Since 2016, developers have launched multiple experiments. Ethereum dApps promised “crypto ROSCAs” or “decentralized savings pools.” Some startups branded themselves as modern-day tontines, leveraging smart contracts to govern contributions and payouts. Academic papers described ROSCAs as a perfect use case for blockchain-based financial inclusion.

Yet, these experiments rarely progressed beyond pilots. They attracted crypto enthusiasts but struggled to reach real-world ROSCA communities. Technical demos showed that payouts could indeed be automated — but the human side of ROSCAs proved far harder to replicate.

Bloinx, developed by BX Smart Labs, was frequently cited as a promising blockchain-based app for “saving circles.” It was designed to automate payments and withdrawals while ensuring transparency, particularly through the use of stablecoins to reduce volatility. Despite pilot runs and some publicity, the project failed to scale or attract a user base and appears to have ceased operations around 2022.

Daret was pitched as a decentralized platform for financial access through ROSCAs and crowdfunding, built with a ReactJS frontend and Solidity backend. Beyond technical descriptions and a pitch deck, however, there is no evidence of real-world deployment or adoption, suggesting the project stalled at the conceptual stage.

Njangi On‑Chain attempted to bring Cameroon-style savings groups (njangis) onto the Sui blockchain, illustrating how pooling, yield generation, and payouts could be automated. The idea remained at the testnet stage, with no indication of progression beyond early prototypes and explanatory posts.

Nexspecto describes itself as a community-powered, blockchain-enabled savings platform, using terms like “Collective intent” and “Cryptogether.” In a case study with Turkey’s Birevim, the team implemented smart contracts on Ethereum (later Polygon/Arbitrum), with features like EIP-2535 proxy architecture and token-based governance. Yet, despite these technical innovations, there is little evidence of active or widespread user adoption.

Together, these blockchain experiments found niche uses in remittance groups and DeFi-inspired “savings pools,” but none managed to achieve meaningful traction.

Ironically, the most successful digital ROSCA platforms have had little to do with blockchain.

Money Fellows, which began with a blockchain narrative, evolved into a more conventional digital savings circle platform.

Purely centralized apps such as Tanda in Mexico and Chama in Kenya have reached millions of users by digitizing savings circles through simple mobile interfaces linked to mobile money. Their success lies in reinforcing existing community trust networks, not replacing them with code.

ROSCAs thrive on social trust, community enforcement, and reputation. A smart contract may automate deposits and payouts, but it cannot replace the peer pressure, honor, and personal bonds that make ROSCAs work. Blockchain excels at eliminating intermediaries — yet ROSCAs are already intermediary-free. Substituting social trust with code only adds complexity without solving a real problem.
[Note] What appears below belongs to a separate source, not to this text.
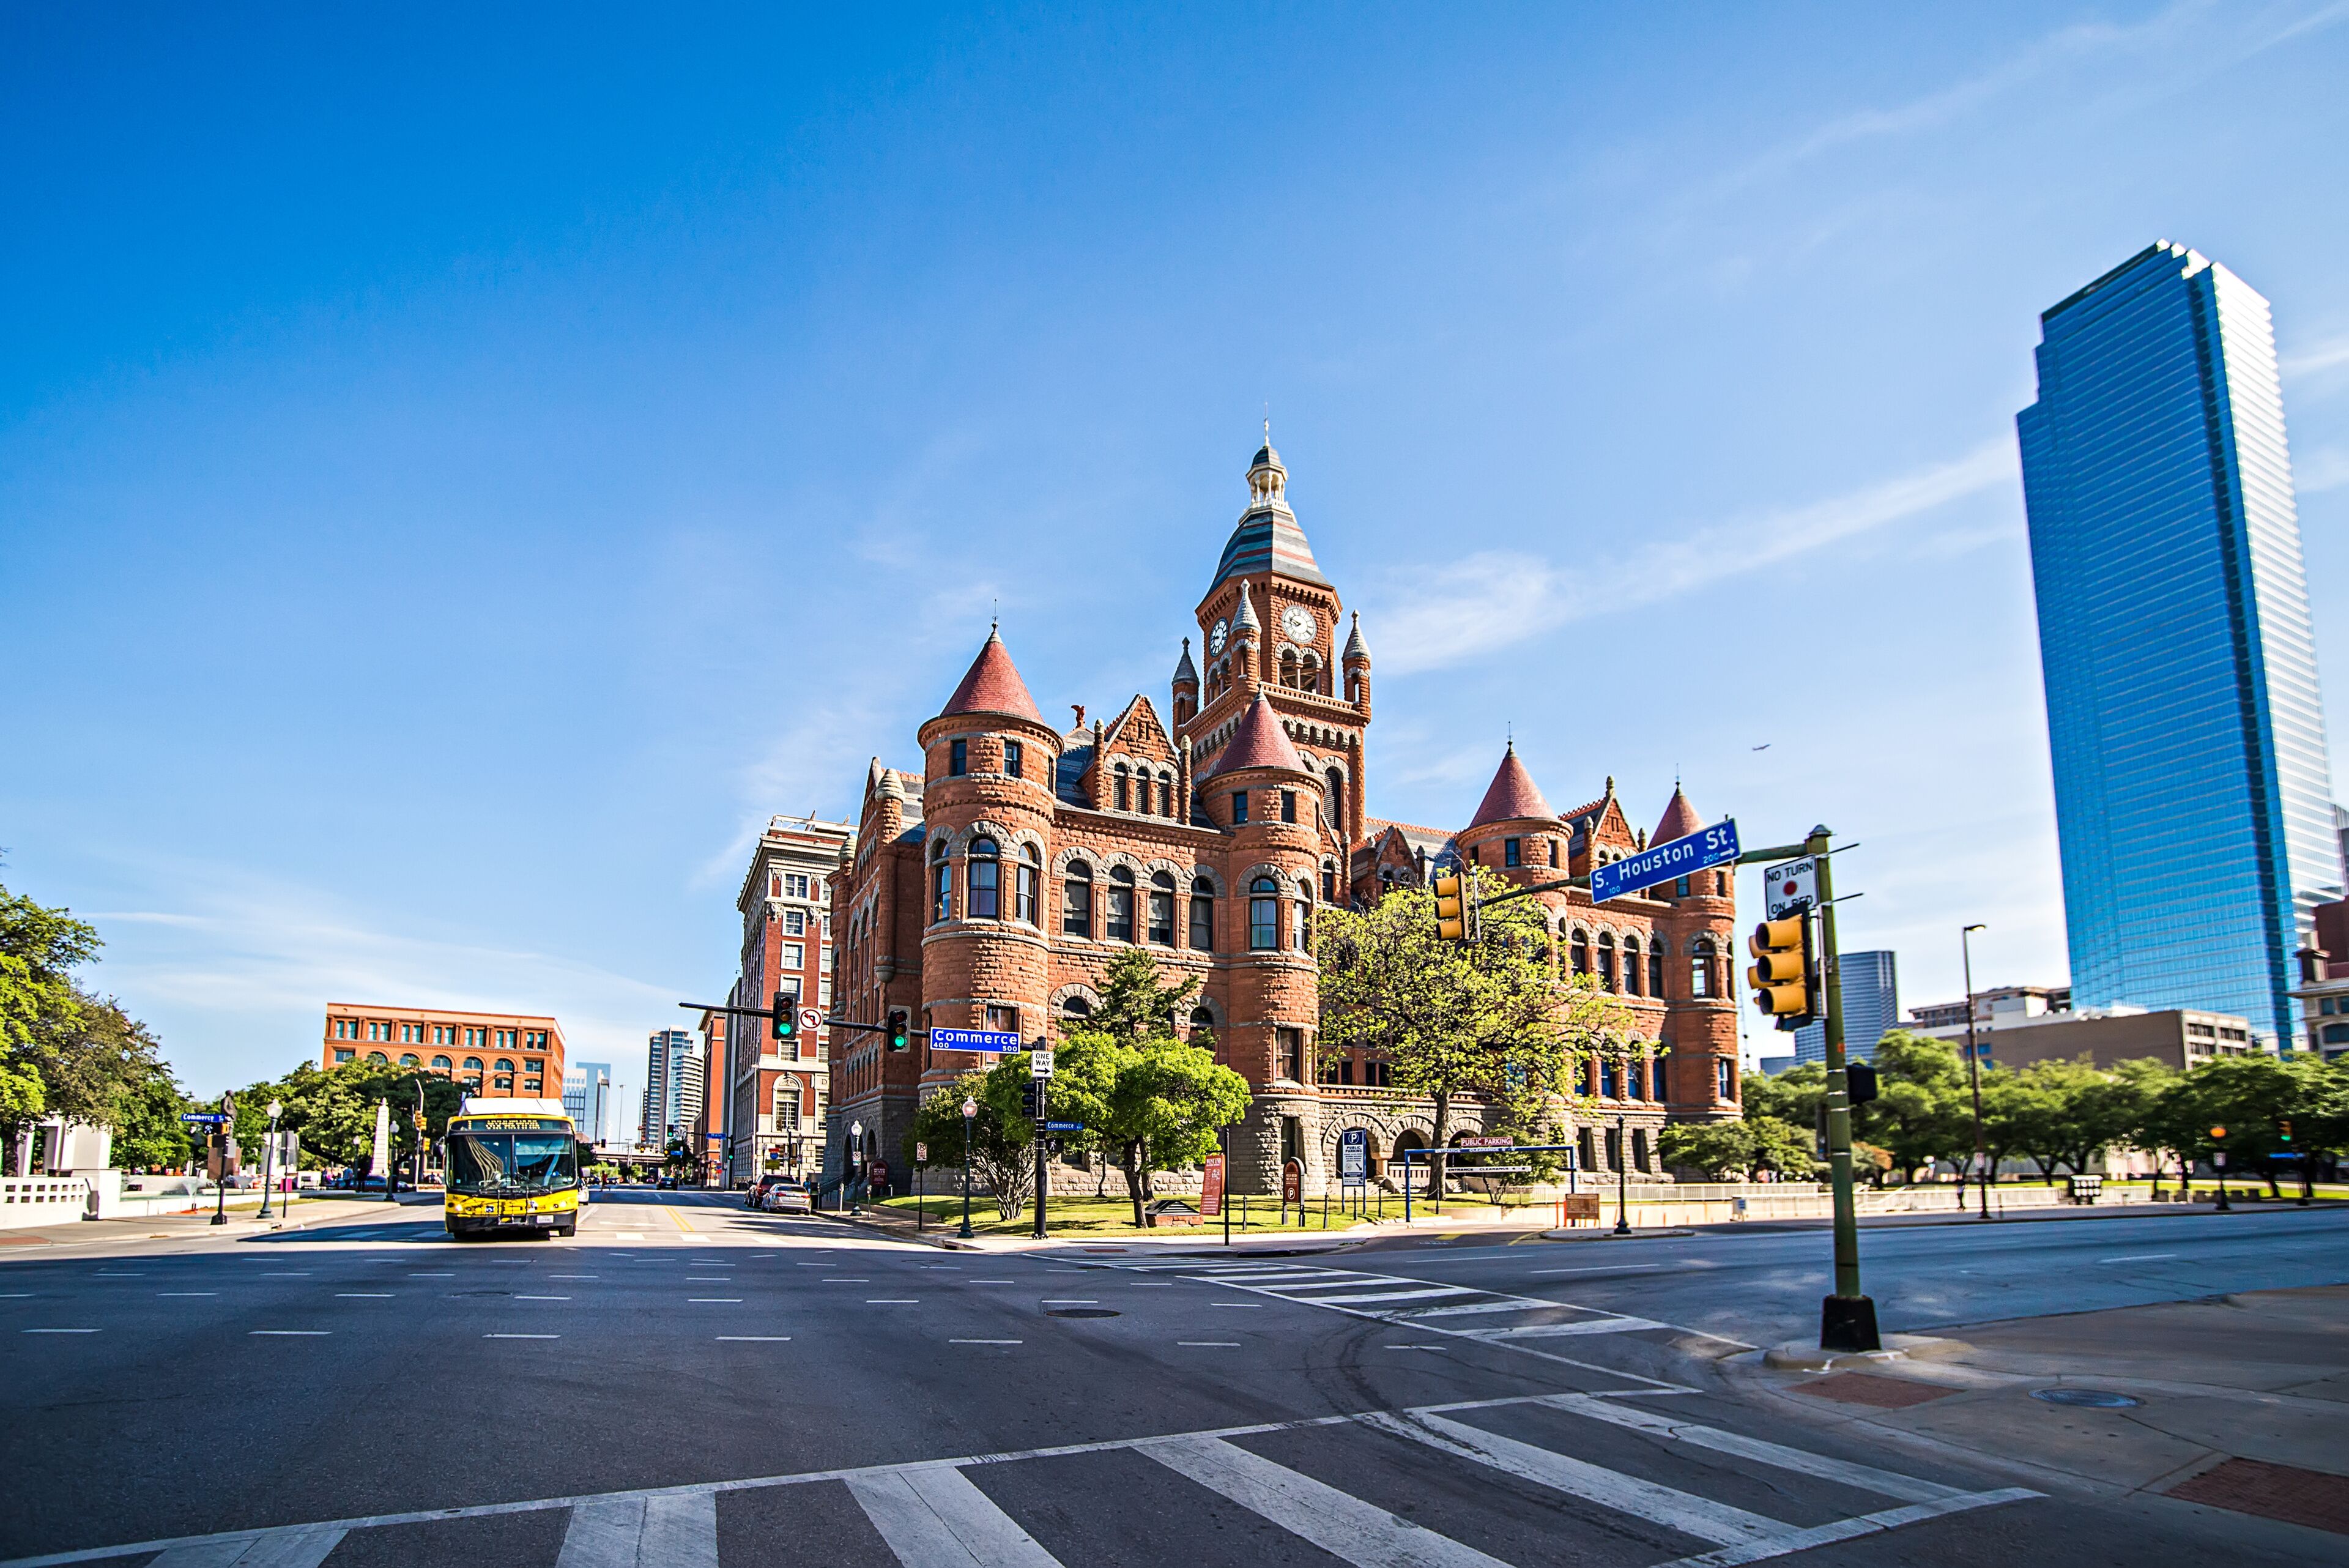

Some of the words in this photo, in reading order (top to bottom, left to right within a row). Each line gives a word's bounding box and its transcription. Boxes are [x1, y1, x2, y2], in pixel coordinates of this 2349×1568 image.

Another challenge is accessibility. Most ROSCA participants are low-income and not technologically advanced. Expecting them to manage crypto wallets, pay gas fees, or safeguard private keys is unrealistic.
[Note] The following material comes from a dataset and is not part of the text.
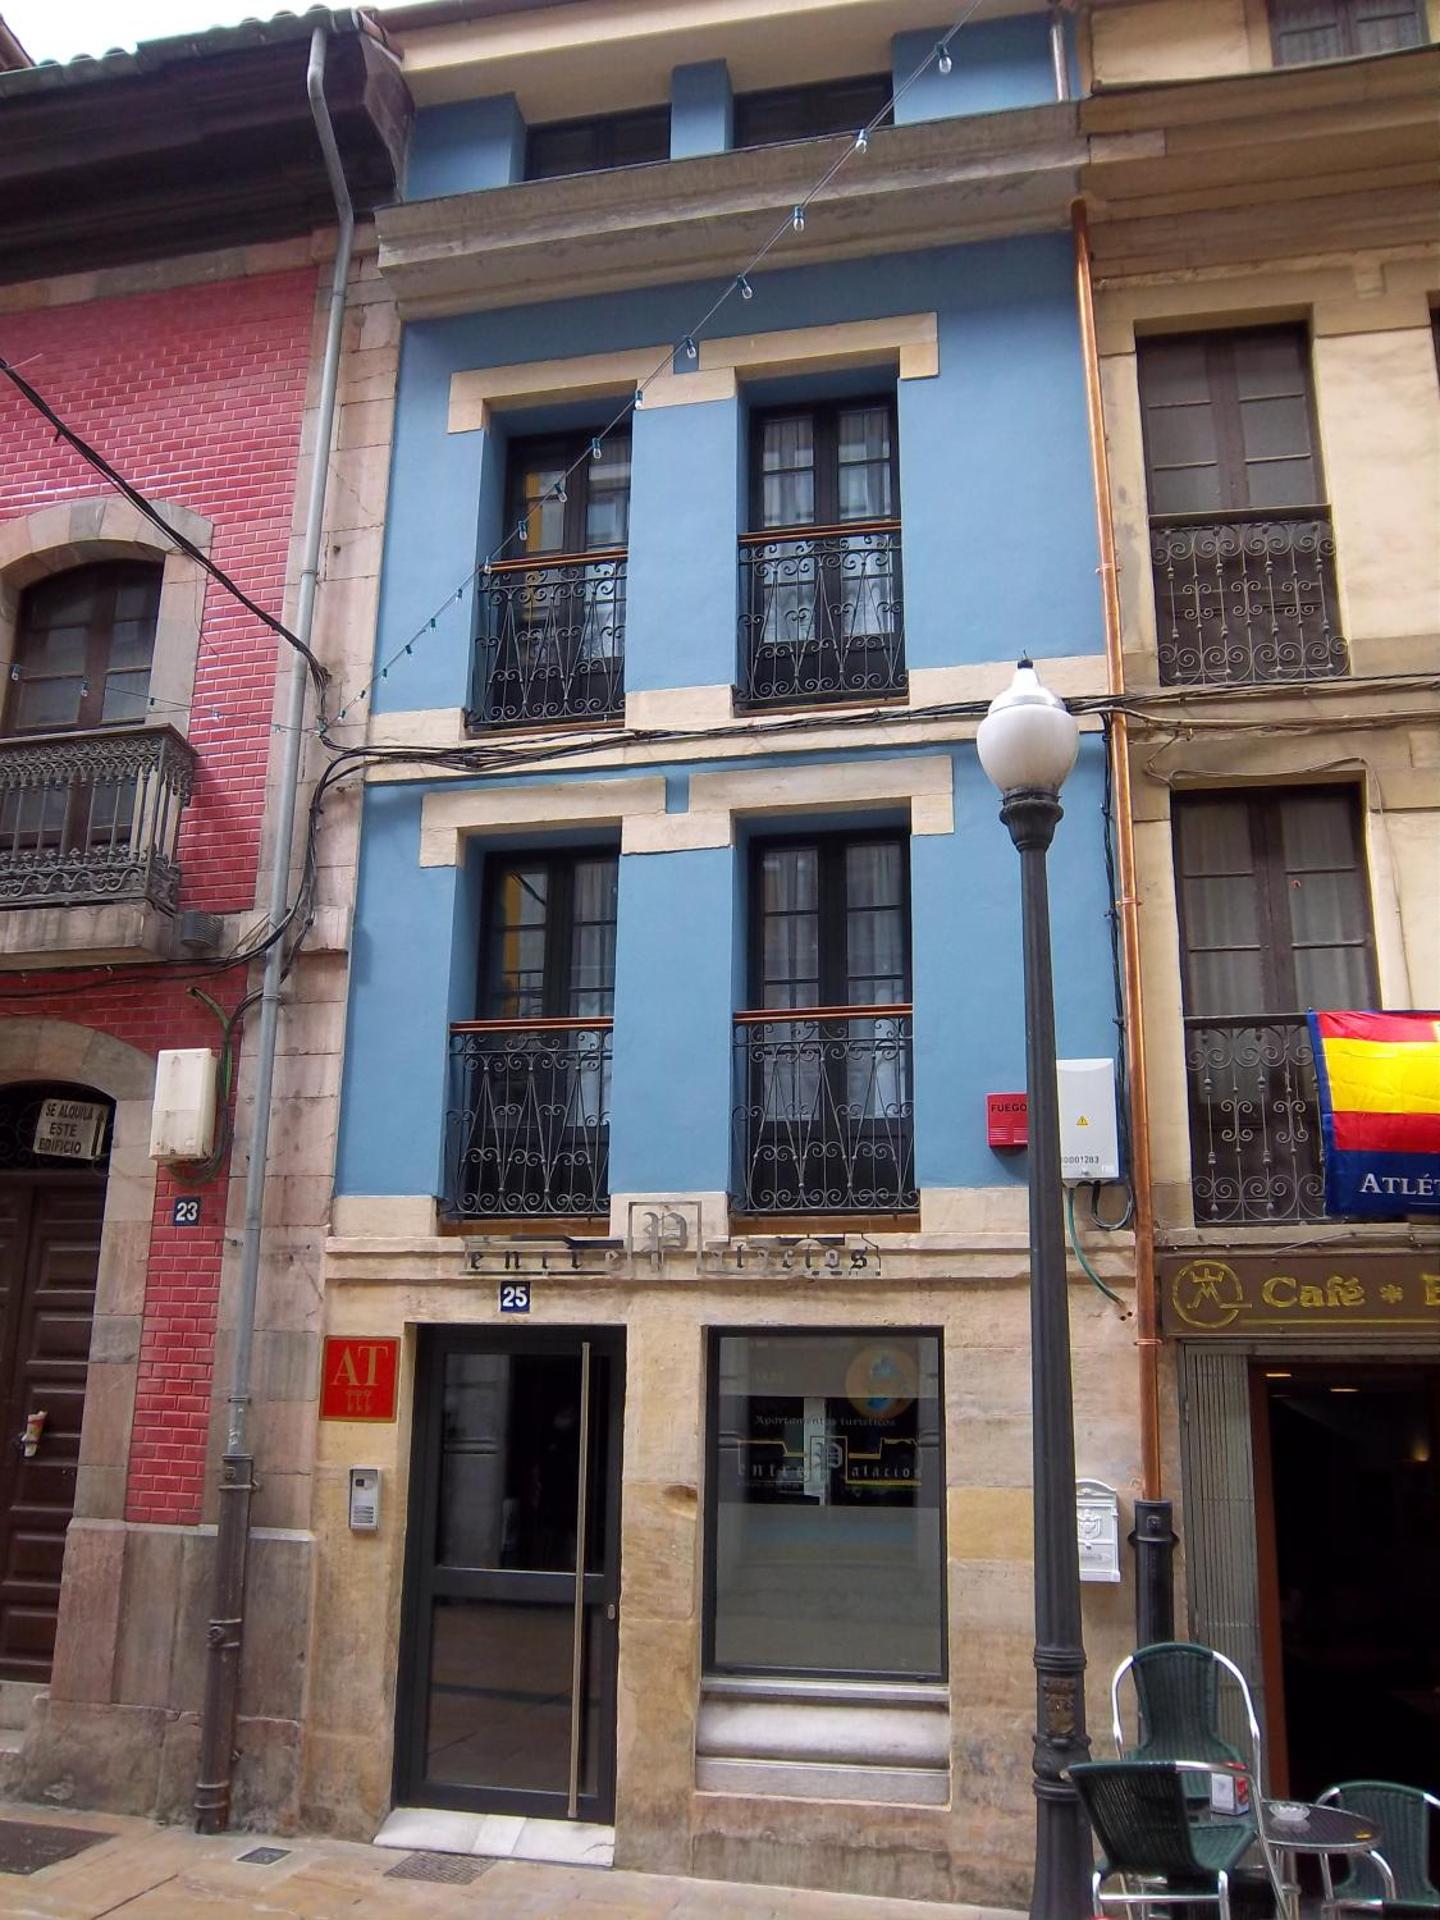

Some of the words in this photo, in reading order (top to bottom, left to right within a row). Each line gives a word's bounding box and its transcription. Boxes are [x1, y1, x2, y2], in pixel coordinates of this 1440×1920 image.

Still, a convergence of the two worlds could create value. As blockchain becomes more user-friendly and integrated with real-world finance, opportunities open up. The growing use of stablecoins in developing countries is already a step in that direction. Future platforms that combine payment rails with digitalized assets — the kind ROSCAs might collectively purchase — could make adoption more practical.

For ROSCA communities, history shows that “scaling up” rarely results in larger, more sophisticated groups. Instead, participants often graduate into traditional banking, leaving ROSCAs at their grassroots level. This suggests that the community-trust foundation has natural limits; beyond a certain ticket size, it cannot sustain trust.

That is precisely where a technology-based trust system could complement the traditional model — not to replace community bonds, but to extend their reach where social enforcement no longer suffices.

Share this article
The link has been copied!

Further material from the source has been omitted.